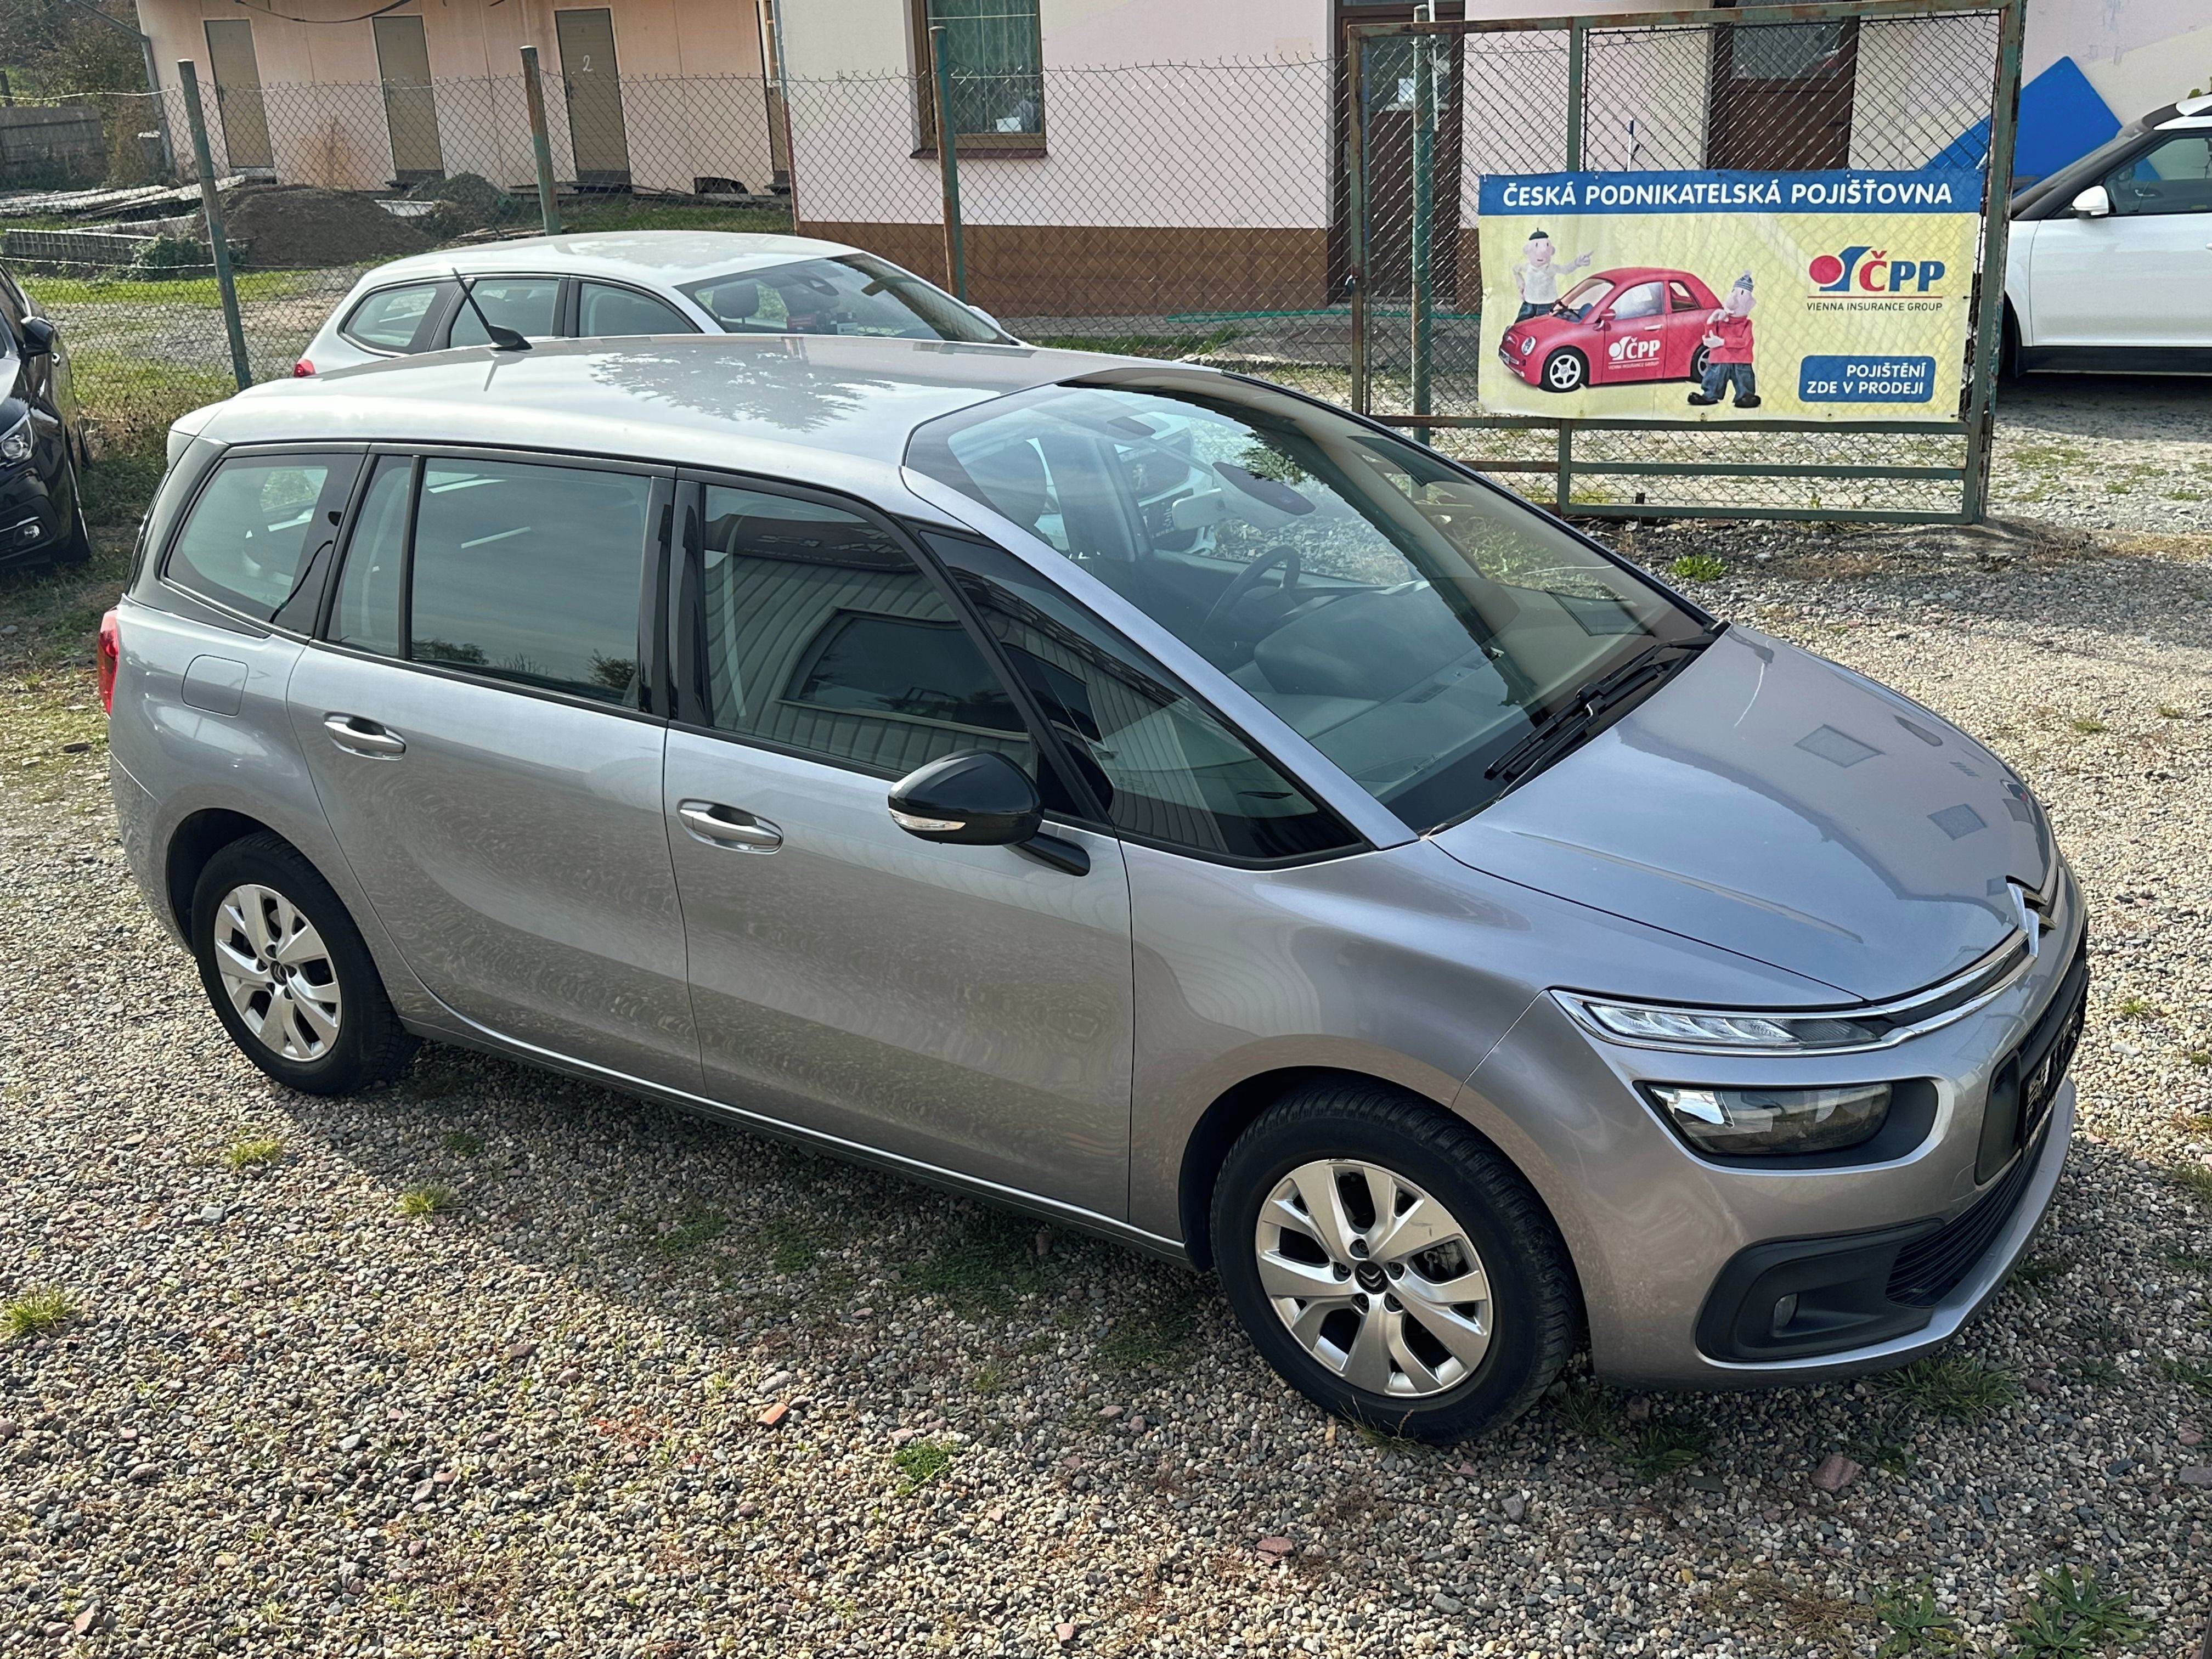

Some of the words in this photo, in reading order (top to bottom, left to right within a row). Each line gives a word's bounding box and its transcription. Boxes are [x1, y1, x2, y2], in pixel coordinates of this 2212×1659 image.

[583, 55, 594, 72] 2
[1503, 181, 1577, 206] ČESKÁ
[1585, 179, 1782, 205] PODNIKATELSKÁ
[1791, 179, 1953, 204] POJIŠŤOVNA
[1859, 250, 1945, 292] ČPP
[1807, 302, 1844, 311] VIENNA
[1847, 302, 1904, 311] INSURANCE
[1908, 302, 1943, 311] GROUP
[1626, 337, 1661, 359] ČPP
[1847, 362, 1927, 377] POJIŠTĚNÍ
[1806, 381, 1838, 394] ZDE
[1843, 381, 1854, 394] V
[1858, 381, 1923, 394] PRODEJI
######
## What you will do
What you return must match the records line for line, with the pictures left out.

## Finished exercise
Some of the words in this photo, in reading order (top to bottom, left to right within a row). Each line gives a word's bounding box and its transcription. Boxes are [x1, y1, x2, y2], in pixel coordinates of this 2212×1659 image.

[583, 55, 594, 72] 2
[1503, 181, 1577, 206] ČESKÁ
[1585, 179, 1782, 205] PODNIKATELSKÁ
[1791, 179, 1953, 204] POJIŠŤOVNA
[1859, 250, 1945, 292] ČPP
[1807, 302, 1844, 311] VIENNA
[1847, 302, 1904, 311] INSURANCE
[1908, 302, 1943, 311] GROUP
[1626, 337, 1661, 359] ČPP
[1847, 362, 1927, 377] POJIŠTĚNÍ
[1806, 381, 1838, 394] ZDE
[1843, 381, 1854, 394] V
[1858, 381, 1923, 394] PRODEJI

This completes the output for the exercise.